This topic interests me most in that slavery is seen as an acceptable act by Christians, showing some point of hypocrisy in it. In the bible, slavery is not condoned at all and actually existed in those times and was considered as a voluntary servant hood. Douglass in his book gives a clear difference between the true and false Christianity. He refers the false Christians as the ‘Christianity of the land’ who fulfilled their desires of brutality, a sign of hypocrisy all along. According to Douglass, slavery was part and parcel of the Christianity doctrine. This is evident through his description of how the white southerners, who were the most active in religious tasks, were the ones who treated the slaves in the worst manner possible. They used words in the scriptures to justify their wrong doing, for example, Thomas Auld who beat up a crippled man in defence that the word says ‘he that knows his master’s will and does not abide to it, shall be beaten with many stripes. This form of hypocrisy causes a lot of damage to the masters as this contradicts their own abilities of differentiating right from wrong. Douglass is a true believer as he says he loves pure and peaceful Christianity and hates the corrupt and hypocritical Christians.

Literature Review

According to David Goldensberg in his article ‘The curse of Ham: race and slavery in early Judaism, Christianity, and Islam’ he discovered that racist behaviours and attitudes are the ones that mainly contributed to slave activities many years ago before the Europeans discovered the sub-Saharan in Africa. He describes how black Africans were viewed in the bible as slaves by the interpreters of the bible who were mainly the Jews, Christians and Muslims. In his research, he reveals about race, color, and slavery that was revolving all over the centuries saying that the Africans had been cursed by God into total slavery. He moves further into investigating blacks as color and the attitudes the Jews had towards the dark skin color. He asks when the blacks became slaves in North East and to his discovery is that all this was from the influence of Jewish, Christian and Islamic thinking and was treated as a passage in the bible.
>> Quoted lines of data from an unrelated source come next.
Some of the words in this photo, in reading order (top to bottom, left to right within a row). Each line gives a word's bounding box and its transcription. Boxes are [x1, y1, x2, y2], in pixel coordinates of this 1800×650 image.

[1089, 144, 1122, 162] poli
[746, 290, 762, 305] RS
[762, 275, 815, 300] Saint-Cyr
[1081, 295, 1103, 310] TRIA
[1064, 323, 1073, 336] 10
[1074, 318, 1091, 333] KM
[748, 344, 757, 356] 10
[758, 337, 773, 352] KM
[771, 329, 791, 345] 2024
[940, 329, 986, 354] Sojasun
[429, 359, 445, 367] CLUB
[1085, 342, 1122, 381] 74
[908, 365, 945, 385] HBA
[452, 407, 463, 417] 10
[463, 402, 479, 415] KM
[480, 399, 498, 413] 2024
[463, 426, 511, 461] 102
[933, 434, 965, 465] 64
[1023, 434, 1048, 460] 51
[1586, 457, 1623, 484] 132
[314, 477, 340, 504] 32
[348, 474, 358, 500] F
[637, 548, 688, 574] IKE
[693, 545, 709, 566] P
He states that the Curse of Ham had the greater impact on developing the roots to the slavery and racism in his study.

According to Travis Glasson in his article ‘Mastering Anglicanism and Slavery in the Atlantic World’ he explains how the Anglican Church which was in a mission, tried its best in 1701 to convert slaves to Christianity from the British colonies. The missionaries advocated for better treatment of the slaves but only a few embraced Anglicanism and many ended up rejecting conversion to Christians. Through their efforts to reduce the cruelty in slavery, it came to their disappointment that slavery and Christianity at the time were going hard to hard and was a mutual benefit in between. The society on seeing that slavery was becoming a trouble, they came up with stronger colonial codes for the slaves and continued embracing slavery as a tool among the missionaries. The Society worked together with the English slave traders in Africa, in building a mission at the castle in Cape Coast. They helped come up with a foundation for the black Protestants but this did not go well due to negative attitude of the people. The Society provided support morally and politically to the slaves in the British empires. In this article, Travis has a perspective that was unique in developing a pro-slavery idea, revealing how thinking of the English Christians contributed to more slavery.
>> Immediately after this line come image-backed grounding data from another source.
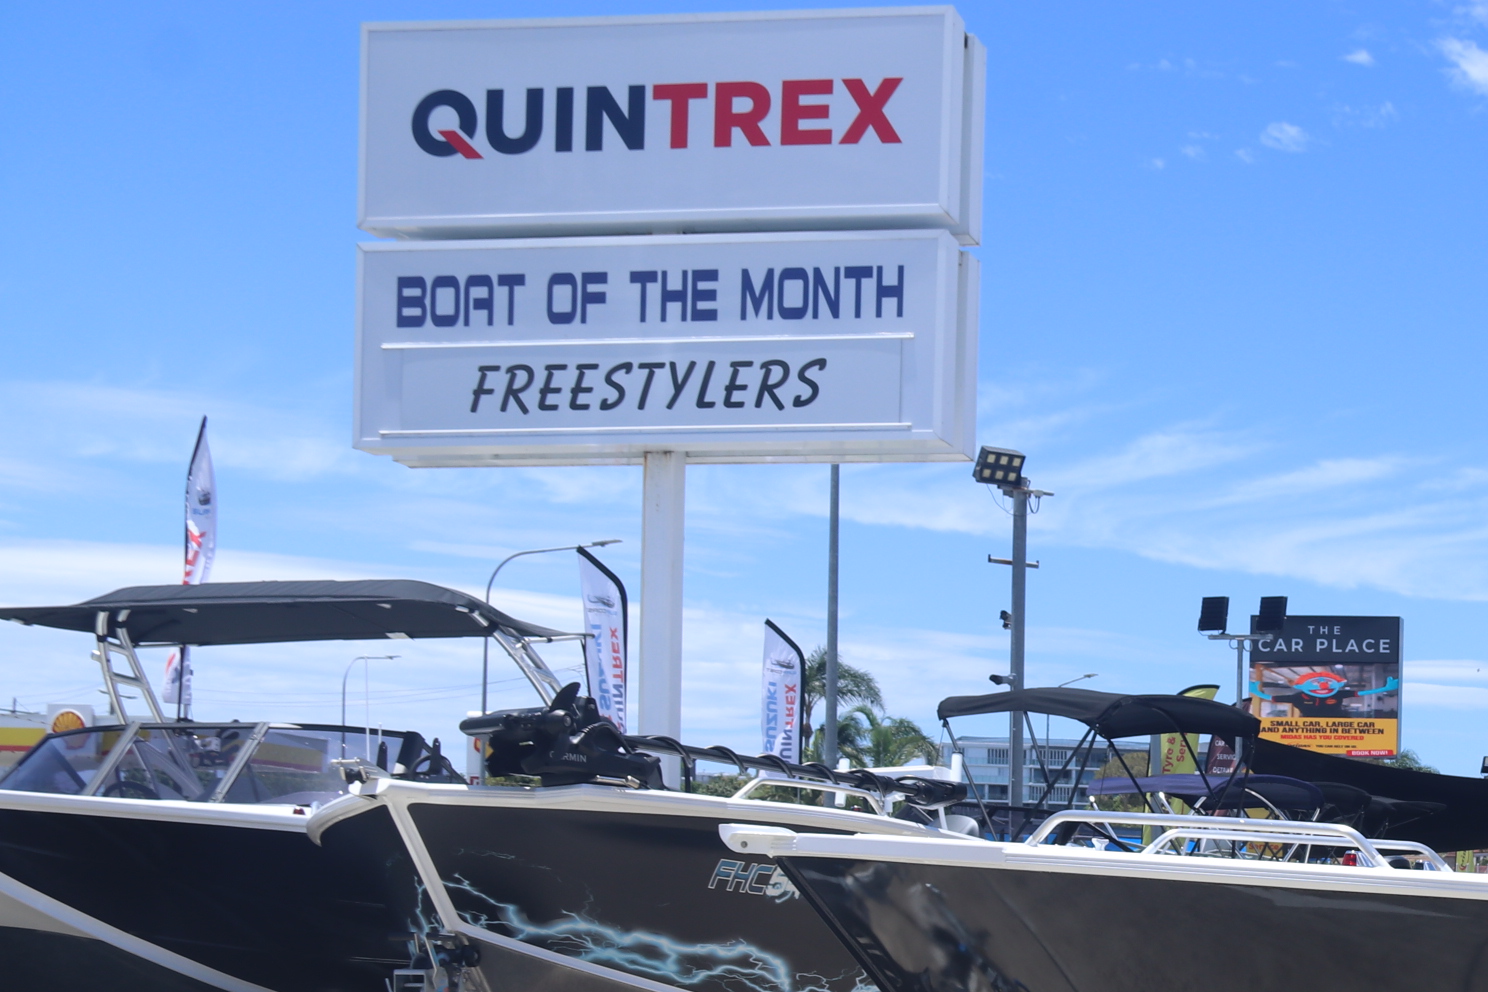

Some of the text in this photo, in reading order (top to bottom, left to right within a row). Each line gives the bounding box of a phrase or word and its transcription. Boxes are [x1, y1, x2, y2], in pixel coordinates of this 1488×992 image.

[411, 77, 904, 159] QUINTREX
[396, 265, 905, 328] BOAT OF THE MONTH
[469, 357, 828, 416] FREESTYLERS
[1307, 625, 1342, 635] THE
[1258, 638, 1391, 653] CAR PLACE
[1162, 745, 1175, 774] Tyre
[1216, 753, 1236, 761] SERVIC
An article by Michael Hoberman’ God Loves the Hebrews’: Exodus Typologies, Jewish Slaveholding and Black Peoplehood in Antebellum America’ talks about Judah Benjamin who was an American legislator and a statesman and Senator Benjamin who lead attack at the time. Jewish were into slavery and they tried to justify this through bible scripture derived by the Americans. He explained how the bible was no more of a record of the past events but composed of theological ideas and when Christians showed concern, Hebrew bible was there to give them a range of more typologies. Those who lived outside of Anglo-protestant fold they never came to endorse these typologies. Benjamin on reading the Hebrews bible, there was a range of other African American readings of the same text which had sets of ethnic with specified implications. As Henry Highland addressed on antislavery, the blacks who were enslaved knew that they no other way of survival other than to articulate with the rules in place.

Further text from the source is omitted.